Fitbits retail for $99 and higher. A neighbor told me she bought a Fitbit Blaze for $200. It has wireless syncing to hundreds of mobile devices, can play music, has email and texting capabilities, and can be connected to a GPS system. Fitbits’ batteries last long, and the devices come in stylish designs and colors. These gizmos also retail in Europe, Latin America and Asia, suggesting that we’re not the only gullible consumers on the planet.

I can’t imagine how we Yanks made it through the Civil War, the Spanish-American War, two world wars, Korea, Vietnam and the Cold War without Fitbits. Frankly, I can’t imagine how our forebears could drive their Conestoga wagons across the prairies and grasslands and then over the mountains to California without wearing sunglasses or sunscreen. We’ve spent all our lives without knowing our daily calorie intake, the number of steps we take between rising in the morning and retiring at night or our pulse rate when the stock market rises by 600 points. When you gift your spouse with that $225 Fitbit watch for Christmas, she’ll be excited with this new toy and spend hours reading the 40-page instruction manual. Then she’ll stop wearing her designer watch, strap on her Fitbit and take it for a spin. But in a couple of weeks, if your wife is like most spouses, the designer watch will be back on her wrist, and the Fitbit will be packed back in its box and stored in a dresser drawer. And that’s probably where 82 to 86 percent of the Fitbits sold since 2014 are found today. There should be a fluid market for used Fitbits.

FIT has big-name competition — Garmin, Huawei, Mobvoi and Skagen, with Apple and Samsung in the higher end of the smartwatch competition.

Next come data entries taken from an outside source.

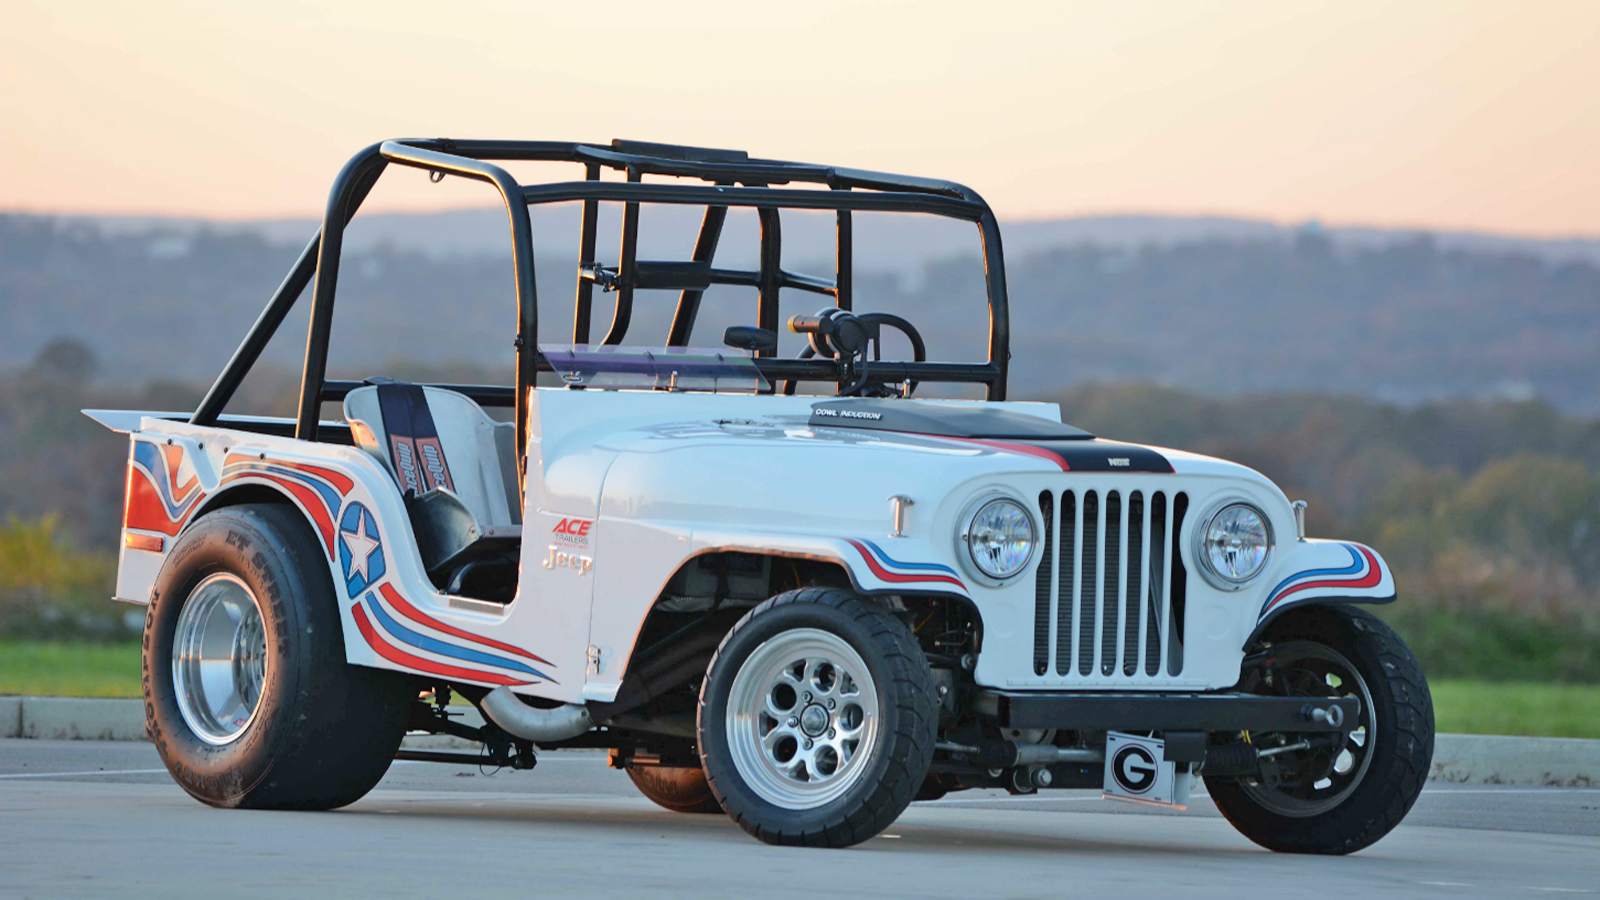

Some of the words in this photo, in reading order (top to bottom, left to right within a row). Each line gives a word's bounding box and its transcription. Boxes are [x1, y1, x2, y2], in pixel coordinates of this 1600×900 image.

[815, 408, 838, 417] COWL
[840, 410, 882, 420] INDUCTION
[552, 517, 593, 537] ACE
[555, 533, 589, 546] TRAILERS
[542, 544, 593, 576] Jeep
[225, 530, 251, 552] ET
[251, 551, 290, 658] STREET
[142, 588, 169, 761] THOMPSON
[173, 760, 245, 794] MICKEY
[1113, 746, 1156, 791] G

Apple’s Series 4 generation of products suggests that FIT has a lot of work to do just to maintain its position in this industry.

This year, FIT’s 1,700 employees should enable the company to report $1.5 billion in revenues, a little less than the $1.6 billion it posted last year, which was less than the $2.1 billion it had in 2016. And FIT lost money in each of those years. Management is more sanguine about 2019 and expects revenues of $1.65 billion, but truth be told, FIT may also end next year with a loss.

Go ahead and buy the watch. It will be a fun conversation piece for several weeks. But don’t buy the stock, which wouldn’t be a fun conversation piece after dropping in value.